# Required work
With the pictures left out, write out the records verbatim.

# Dataset entries
'''
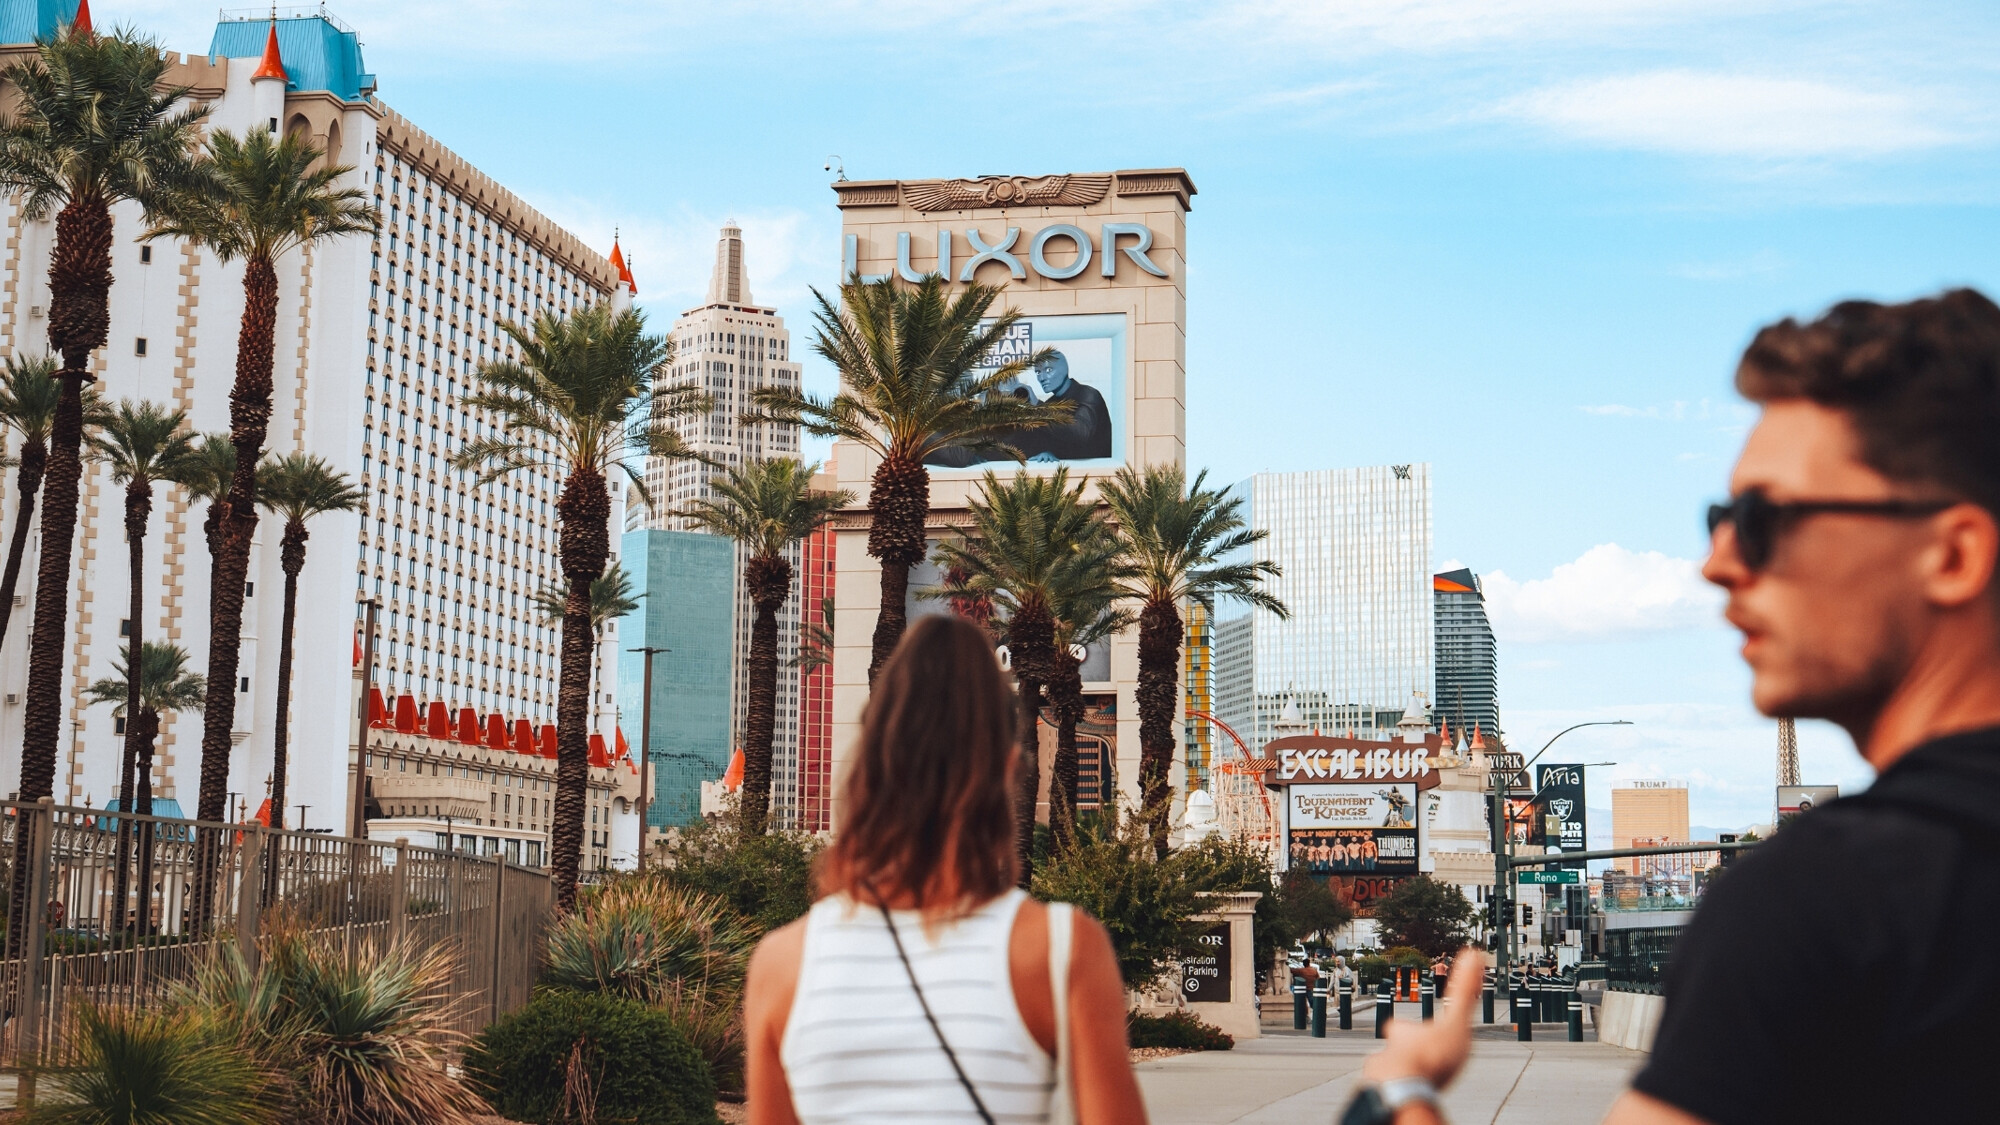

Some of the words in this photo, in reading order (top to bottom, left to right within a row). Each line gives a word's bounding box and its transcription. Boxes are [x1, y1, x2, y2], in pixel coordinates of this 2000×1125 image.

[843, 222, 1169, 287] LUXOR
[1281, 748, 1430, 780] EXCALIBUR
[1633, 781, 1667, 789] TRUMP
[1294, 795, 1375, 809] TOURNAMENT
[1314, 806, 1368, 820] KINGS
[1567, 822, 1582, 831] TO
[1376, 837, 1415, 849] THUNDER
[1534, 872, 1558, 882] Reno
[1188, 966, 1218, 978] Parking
'''
# Answer space
Some of the words in this photo, in reading order (top to bottom, left to right within a row). Each line gives a word's bounding box and its transcription. Boxes are [x1, y1, x2, y2], in pixel coordinates of this 2000×1125 image.

[843, 222, 1169, 287] LUXOR
[1281, 748, 1430, 780] EXCALIBUR
[1633, 781, 1667, 789] TRUMP
[1294, 795, 1375, 809] TOURNAMENT
[1314, 806, 1368, 820] KINGS
[1567, 822, 1582, 831] TO
[1376, 837, 1415, 849] THUNDER
[1534, 872, 1558, 882] Reno
[1188, 966, 1218, 978] Parking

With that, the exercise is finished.